Friday, 18 February 2011

Nice lunch at a Chichester gallery

I've become a Friend of the Pallant House Gallery in Chichester, the county town of West Sussex. So now I can pop in whenever I want, for nothing.

This is an important provincial art gallery rather on the the lines of the Tate St Ives, at least for size, general style, facilities, and function within the local community. But instead of being a modernistic white concrete-and-glass creation in a Cornish fishing town overlooking a beach, it's partly inside a large distinguished Georgian redbrick town house (that's Pallant House) built in 1712, the major feature in a very Georgian part of this very Georgian city, with creaking floorboards and all. The main parts of the Gallery (constructed in the 2000s) are however to the side and rear of the House, forming a state of the art (no pun intended) super-modern art gallery par excellence. The complex includes the rear courtyard behind the House, wherein lies the Field & Fork restaurant that I got wind of on my last visit a couple of weeks ago. I gave it a try. Here are the elements of my lunch:


The delicious fresh bread was of two kinds, one of them flavoured with fennel and something else that I couldn't quite make out, and the soft butter had an orgasmic saltiness that tingled the tongue. I was in the mood for a velvety red wine, so chose a glass of merlot.

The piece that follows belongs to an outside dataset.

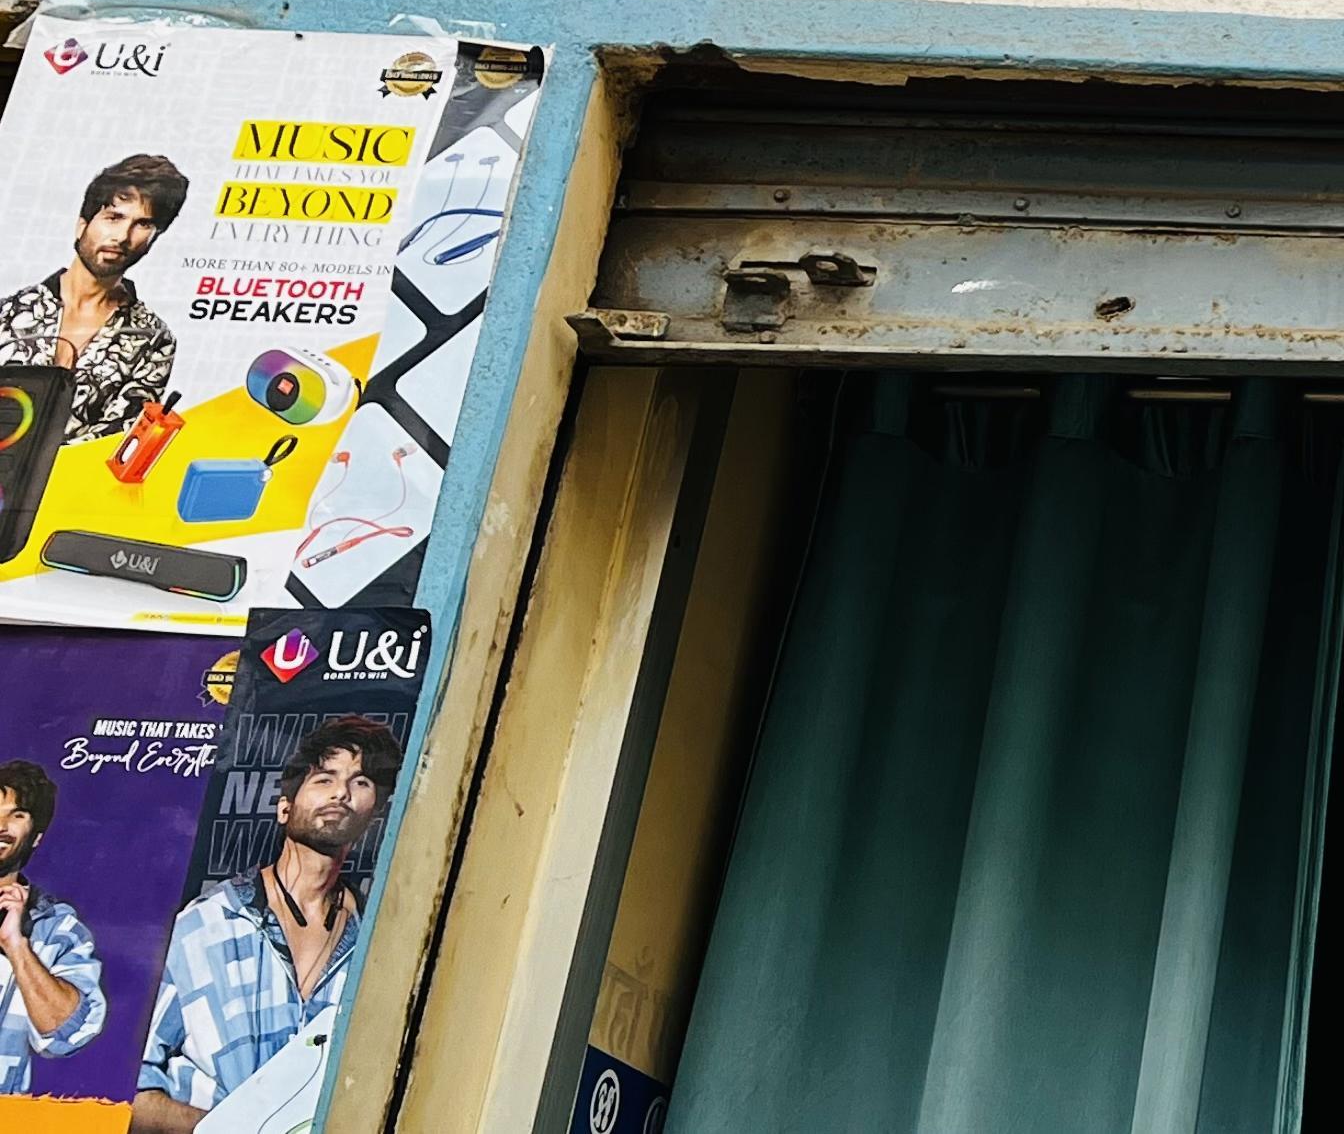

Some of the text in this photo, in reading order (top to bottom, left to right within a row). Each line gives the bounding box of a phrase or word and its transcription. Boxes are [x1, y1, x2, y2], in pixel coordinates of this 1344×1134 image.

For my main course, I selected maple-glazed pork belly with smoked eel on nests of shaved carrot, sesame seeds and other things, all in a ginger jus. The long thin object was a strip of pork crackling, but only one millimetre thick; it was like a delicate wafer, and although crisp could not possibly break your teeth. Yummy. Mind, you, being crackling, it was tricky not to send it flying off stage left when cutting it up! (I'll be incorporating advice on this and other skills in my forthcoming book, Hot Hints for Hot New Women)


Then for dessert it was a spiced poached pear with vanilla cream and a meringue biscuit, washed down by a strong black Americano.

The total cost was £21.75. OK, a bit expensive for a lunch, but really this was fine dining on the cheap, and half the cost of lunching at Rick Stein's in Padstow (although that was an experience I'd like to enjoy again). As for calories, I reckon that I consumed not more than 600 kcal for the lot. And I walked some of that off in the shopping that followed! It was 'necessary' shopping for my post-op home experience. I thought laterally, considered what I'd need if a pregnant mum-to-be, and got various items from Mothercare such as sheets to protect the bed from vaginal leakage - just right for dilation I'd say! It was rather nice feeling mumsy.

Life's not all fancy lunches. Next day - last night - I had a frugal evening meal consisting of a halibut steak, one small potato and sugar snap peas:


Just 339 kcal for this! Oh, let me polish my halo...

PS - I rather like the phrase 'New Woman' for the post-op transsexual state. It's non-medical, emphasises the feminine nature of the transformed creature, and sounds full of hope for the future. A bit like the 'New Woman' of the early 20th century, who aspired to equality, voting rights and a good time. And I hope that pre-op women approve of it it too. And natal women also.


From the humorous magazine Punch of 1905. Click on the illustration to see it in detail. I think the Latin tag means something like 'Live first; only then philosophise'.

By the way, I fibbed: there's actually no book in the making! But on the other hand, when sitting around at home during the next few months, slowly going ga-ga with inactivity, why don't I fire up the laptop and set to with my very best distilled thoughts?

1 comment:

  1. Pork belly and only 600 in the same sentence, are you sure Lucy?

    That is some lunch menu for a gallery! Lucky to get a bowl of soup and a bacon roll round here the we are way up north.

    If this is how the new woman is going to lunch I must try and join you one day.